O Pointy Pointy
I think I'm done with the social slut phase.
I've met more people in the past several weeks it seems than I did the entire time I was in New York, and now, well - I'm kinda tired. I'm not the type of social butterfly that's comforable with a vast expanses of acquaintances. I much prefer a tighter knit circle of close friends (that I try not to place unreasonable demands on). Recently it's been the opposite.
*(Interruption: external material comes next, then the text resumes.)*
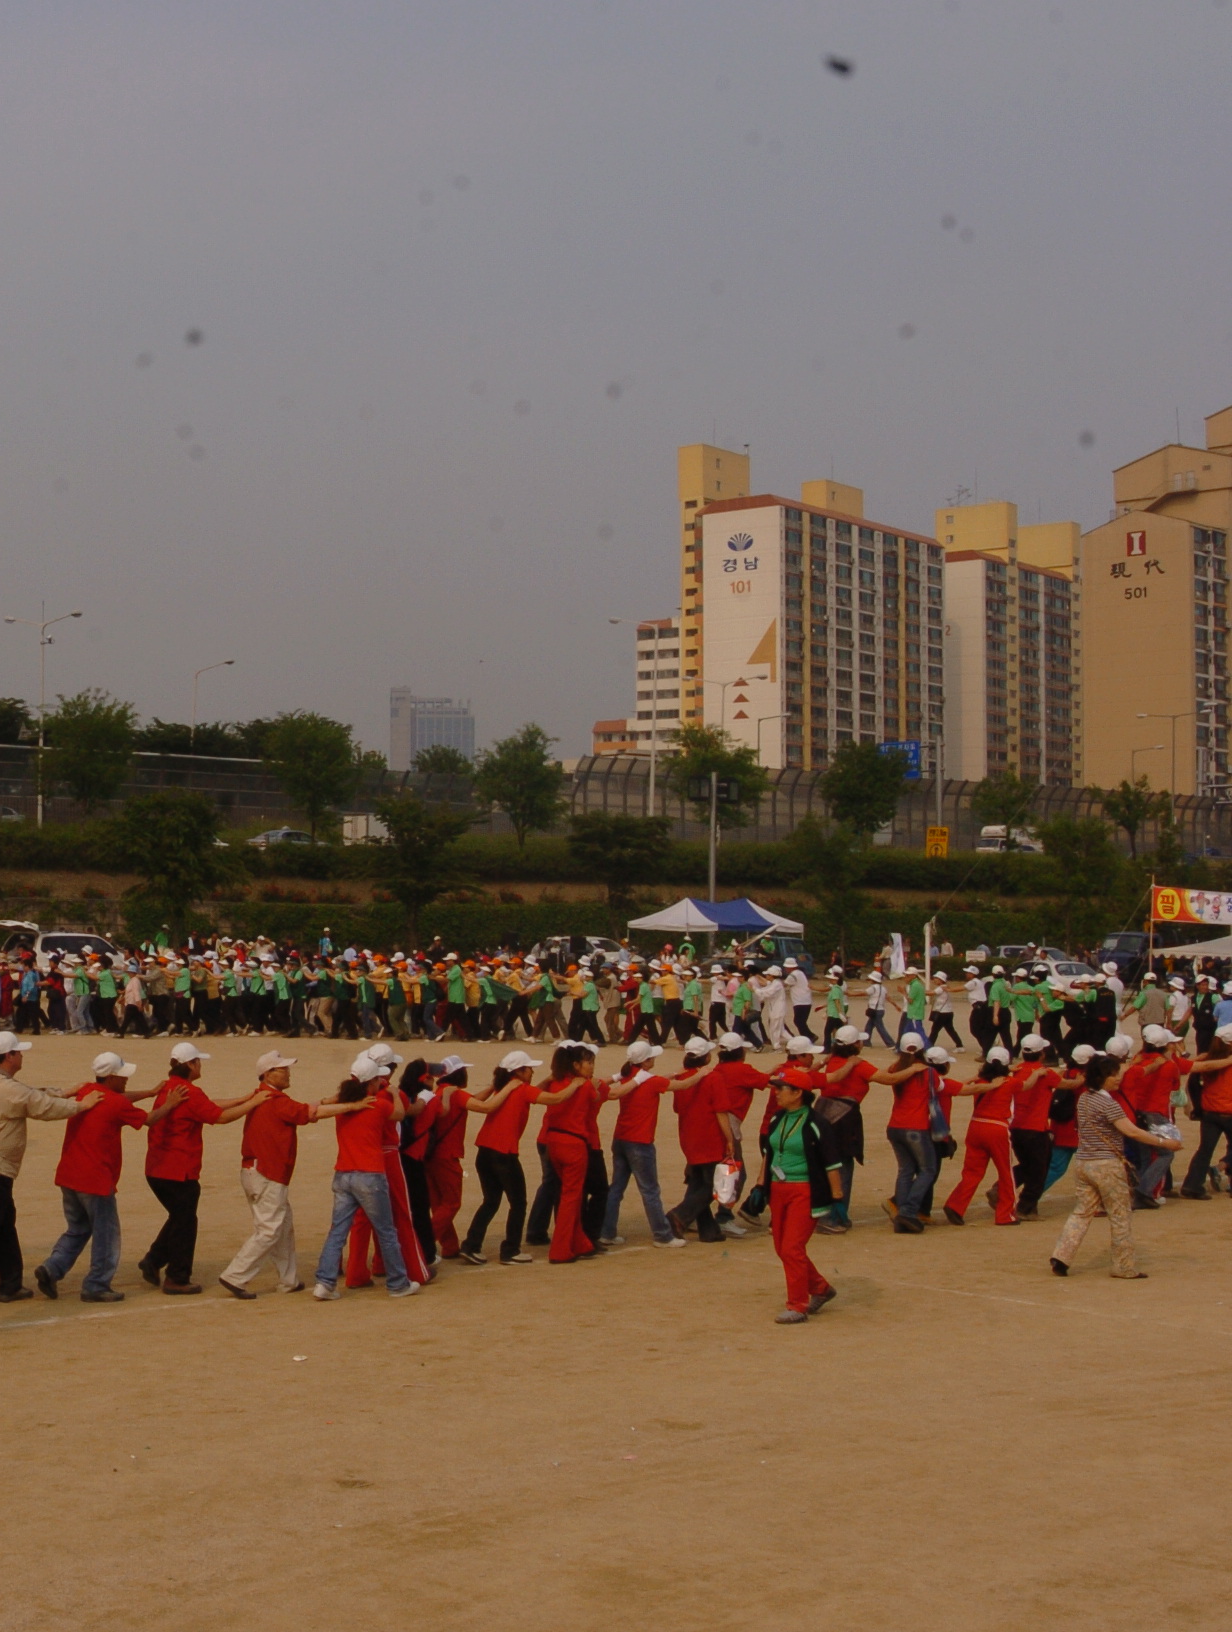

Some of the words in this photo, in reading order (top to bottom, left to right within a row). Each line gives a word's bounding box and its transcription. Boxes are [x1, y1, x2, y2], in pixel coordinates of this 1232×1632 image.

[722, 556, 759, 573] 경남
[730, 580, 751, 593] 101
[1124, 587, 1147, 600] 501
[1159, 894, 1175, 915] 필
Actually, it's been more like a theme park, and I've long since passed the magic hour where the fun can't cloud the fact that I'm hot, sweaty, and ready for a long nap back at the hotel.
I've been oversocializing, no doubt, to try and compensate for the stresses of the past month that mostly surround my job . Professionalism dictates that I not say too much about the situation. I'll suffice to say that I'm finding it harder to deal with life as a contractor. Consulting is fine: when you're brought in at the level of a experienced professional, trust in expertise is a given. As a contractor, you're just hired help. In a dysfunctional organization, that's a bad position to be in.
So, it's no secret, I'm actively looking for a full-time job. I'll consider contracts, but only those that I find engaging at my level, and only after taking a serious look at the personalities running the show. Shared values are an indelible part of the mix.
I've done a lot of consulting and project work, as well as longer stints as a full-time employee, and over time I've distilled a process for job searching that I find workable. Being prepared and organized takes a lot of stress out of an inherently tedious and tense process. As anybody who's been out of work can tell you, job searching is a full-time job, complete with repeating tasks and annoyances. Up to now, I've always kept track of the fifty or so resumes I'll have in play at any given time on a mishmash of job board printouts, scribbled notes, and Excel spreadsheets thrown together on the fly.
Well, last week I spent much of my free time preparing my old Windows 2000 server for a full wipe-and-upgrade to Server 2003 (yeah, I know, only two years late). It took the entire week to back up the 600GB worth of project files, media, and crusty old stuff from the past ten years. I was doing it all to DVD, and as speedy as my drive is, that's still a lot of frickin' data. Once I'd configured MSWS2K3, I downloaded Windows SharePoint Services from Microsoft's website (which is a free download that works only with MSWS2K3), and it's streamline my job search and brought a level of efficiency I've not experienced before.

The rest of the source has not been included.